The CSIS report obtained by the CP apparently also notes that CSIS is concerned with the movement only when there is some nexus between its adherents and threats to security, which remain few. That, too, aligns with what I saw in Ottawa. Most of the people there were well meaning, though misguided, in my view. But not all of them. There was a different element there. I’m not surprised CSIS still keeps an eye on some of them.
So that’s where we are, two years later. Little political change. Little legal clarity. And a protest movement that seems to have shrunk simply because it was robbed of much of its political oxygen. If I have any particular concerns today about all this, it would be these: events since the convoy have continually shown us that we remain a country that responds only very slowly and often ineffectively when presented with sudden threats. Canada is not a country built institutionally, jurisdictionally, or even psychologically for crisis. We have beenspoiled by a prosperous and peaceful history. This was one of the main lessons I took from the convoy crisis, and, instead of seeing signs of progress, I see more cause for alarm as time passes. If I had to guess, I’d say things are worse today, not better, in terms of nimble and effective institutional responses to sudden events. And I sense no urgency to address this.

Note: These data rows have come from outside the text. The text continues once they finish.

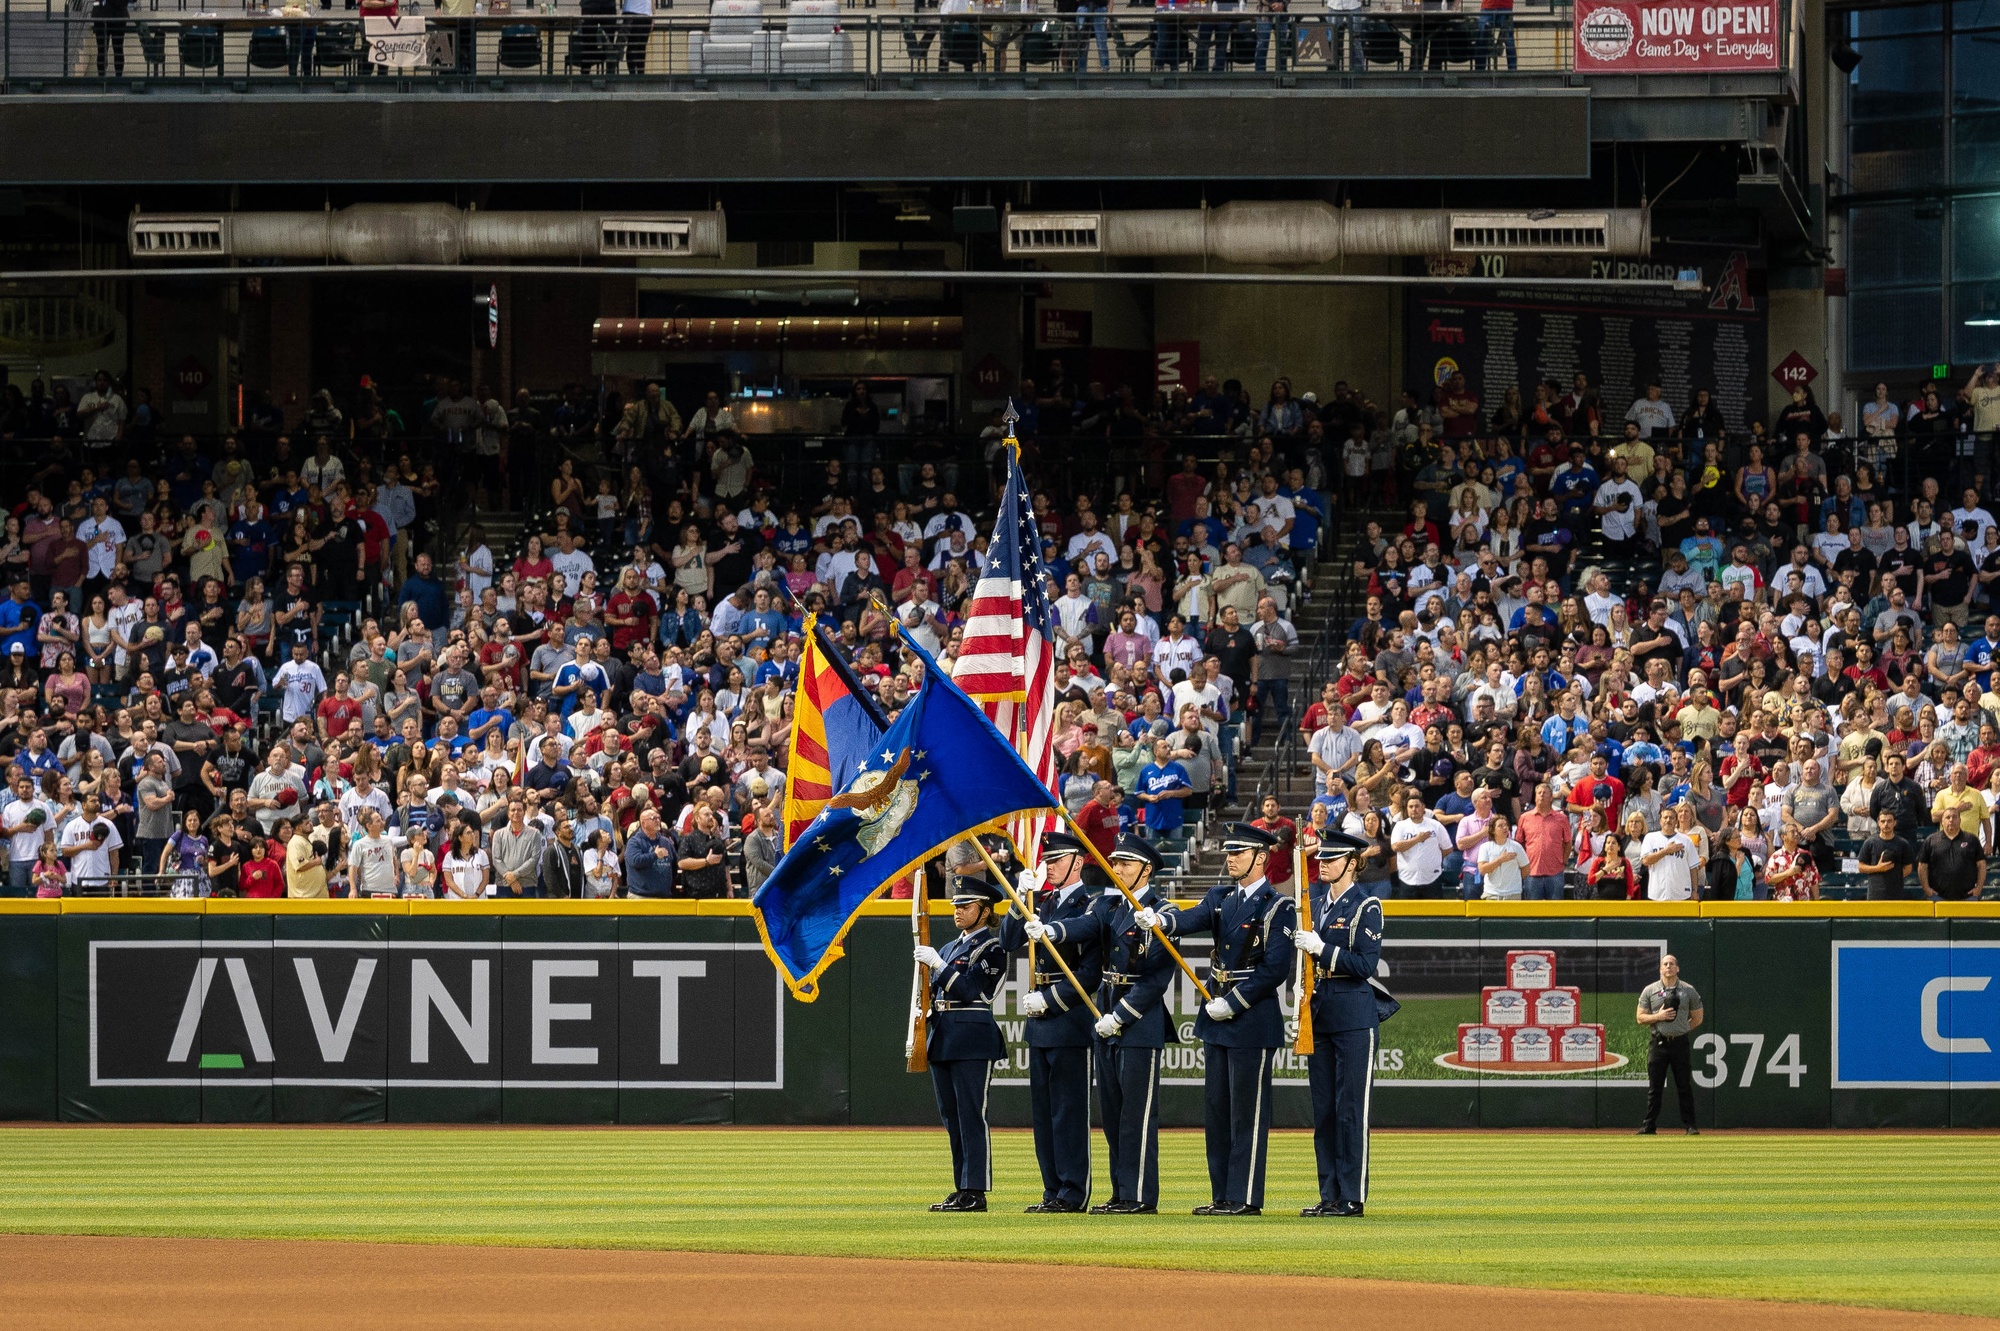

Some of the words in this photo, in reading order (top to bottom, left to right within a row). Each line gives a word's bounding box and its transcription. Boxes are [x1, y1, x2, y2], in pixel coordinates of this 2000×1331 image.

[1642, 7, 1695, 36] NOW
[1701, 6, 1770, 36] OPEN!
[1636, 39, 1671, 58] Game
[1673, 38, 1700, 61] Day
[1716, 38, 1774, 60] Everyday
[178, 371, 203, 385] 140
[978, 369, 1000, 384] 141
[1782, 367, 1808, 381] 142
[1933, 364, 1947, 379] EXIT
[300, 682, 312, 694] 30
[1147, 773, 1179, 791] Dodgers
[167, 958, 707, 1068] AVNET
[1692, 1033, 1808, 1088] 374

And the other thing that worries me? While our society seems to have simmered down over the past two years, I have a hunch that all those same pressures would snap back into place with amazing speed if we were to find ourselves in a similar emergency again. As I said above, COVID changed some of us, perhaps all of us, and I think we would collectively react not as well to a crisis today as we did during the pandemic, at least in the beginning. Too much social trust has been lost and, I suspect, too much personal emotional damage done to every last one of us.
That’s an unpleasant thing to consider, especially when you combine those two concerns: a populace that would be less co-operative and more radical from the outset of a crisis and governments that are certainly no better at managing one.
I wish I had better news. Maybe things will look brighter in another two years. A man can dream, right?